Dairy-free toddler milk drink
If you’re looking for a cow’s milk alternative for your toddler, this truly nourishing blend is really simple to make. By the time Sky turned one, he was eating a wide range of solid wholefoods, and I was breastfeeding less. I decided to start supplementing with a wholesome, homemade non-dairy milk (Douglas are raising Sky on a plant-based diet). I’ve adapted this recipe very slightly from one that was developed by a paediatric naturopath. It resonated well with me, and Sky absolutely loves it as part of a balanced diet full of veges, fruit, nuts, grains and legumes – and breastmilk. He’s nourished and happy. It works for us which is why I want to share it – if it doesn’t feel right to you, you can simply leave it here. (See note below before you make the recipe).
PLEASE READ THIS: This milk is not a complete food source for infants and is not recommended for babies under 12 months, or as a formula or breast milk replacement. Please consult a paediatrician or medical specialist before replacing your baby’s current milk. Information on this page should not be taken as medical advice.

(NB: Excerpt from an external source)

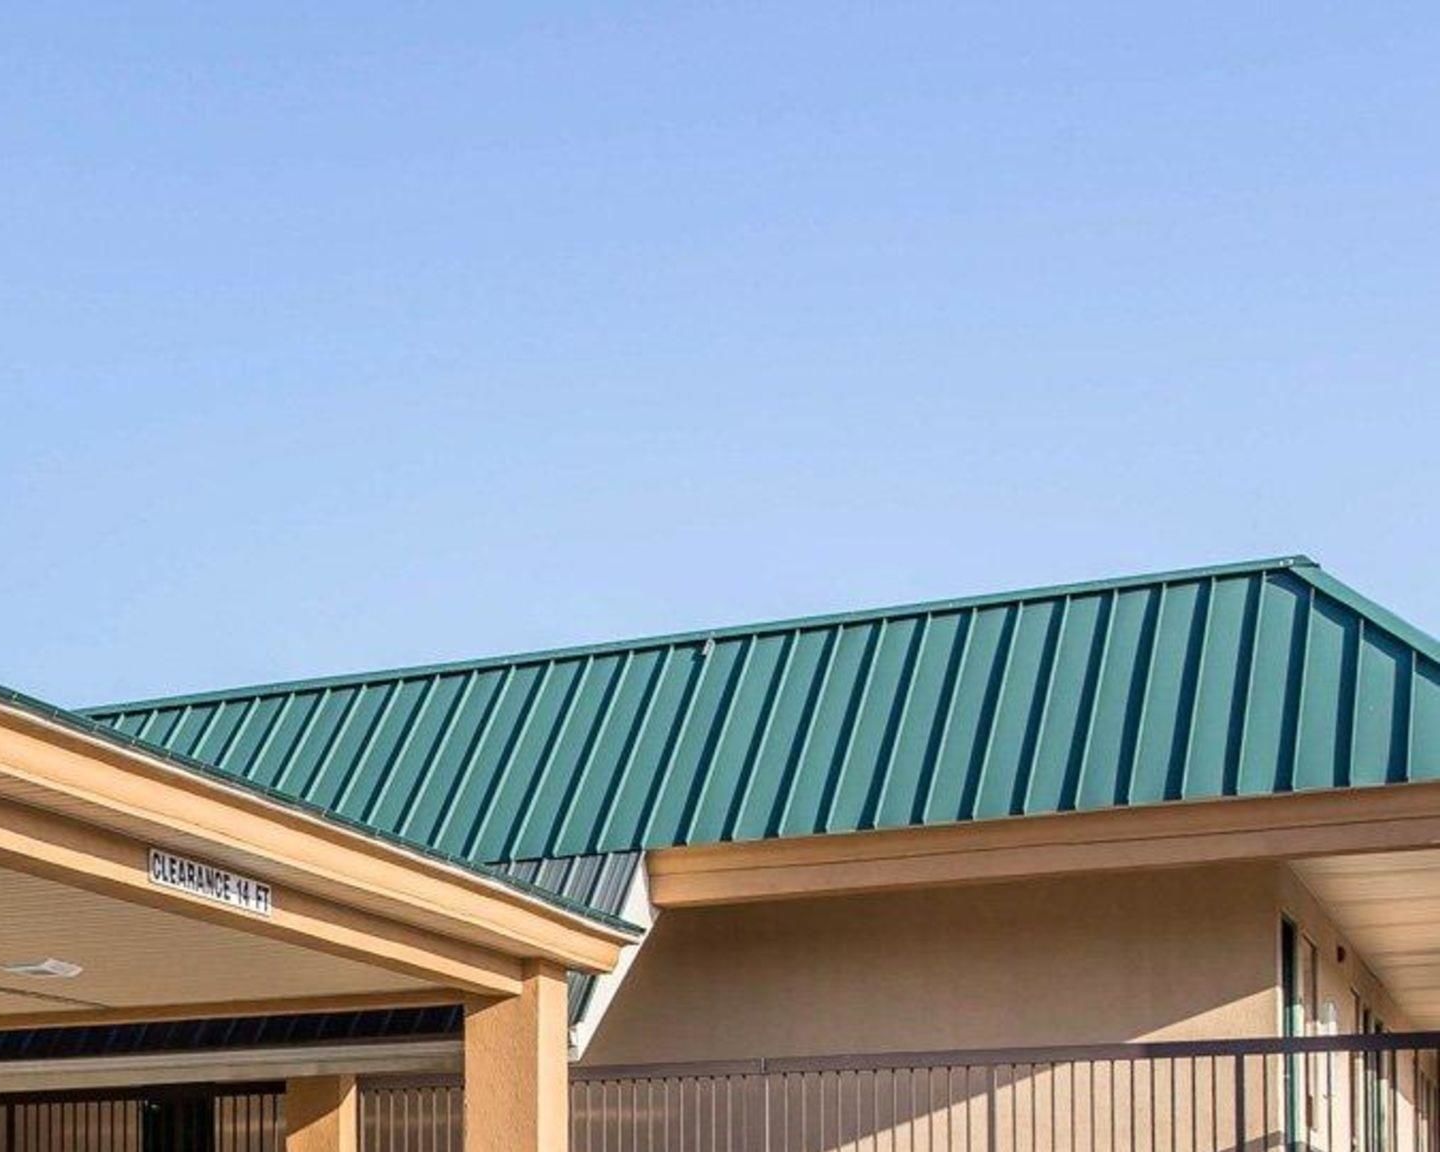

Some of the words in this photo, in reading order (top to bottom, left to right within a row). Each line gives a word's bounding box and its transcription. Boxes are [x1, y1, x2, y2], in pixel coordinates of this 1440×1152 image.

[153, 852, 231, 900] CLEARANCE
[237, 879, 249, 906] 14
[256, 884, 269, 911] FT

- 4 cups plant-based milk* (please see note below)
- 3/4 cup organic coconut milk (look for one with no additives except water)
- 1/4 cup fresh carrot juice (organic carrots best if you can)
- 3 tsp flax seed (linseed) oil
Add all ingredients to a large jug or bowl, and whisk to combine. If the coconut milk is cold it may be lumpy – this is okay, the lumps will disappear as the milk heats up.
Keeps in a sealed jar in the fridge for a few days.
To serve, shake vigourously before you pour it into the bottle to incorporate the oil. Warm gently as you usually would (I sit the bottle in hot water until it reaches the proper temperature).
*Choosing a plant-based milk that’s fortified with calcium and vitamin B12 could a good idea to help meet the daily requirements of your toddler, especially if they are following a plant-based diet. You can find fortified soy, cashew and almond milks at the supermarket. We all take Vitamin B12 supplements in this household, so I often opt for a milk with no additives.
More bioavailable calcium can be found in a wide range of foods such as beans/legumes, leafy greens like spinach, kale and broccoli, and tofu. Celery juice is packed with calcium, too! I have one every morning.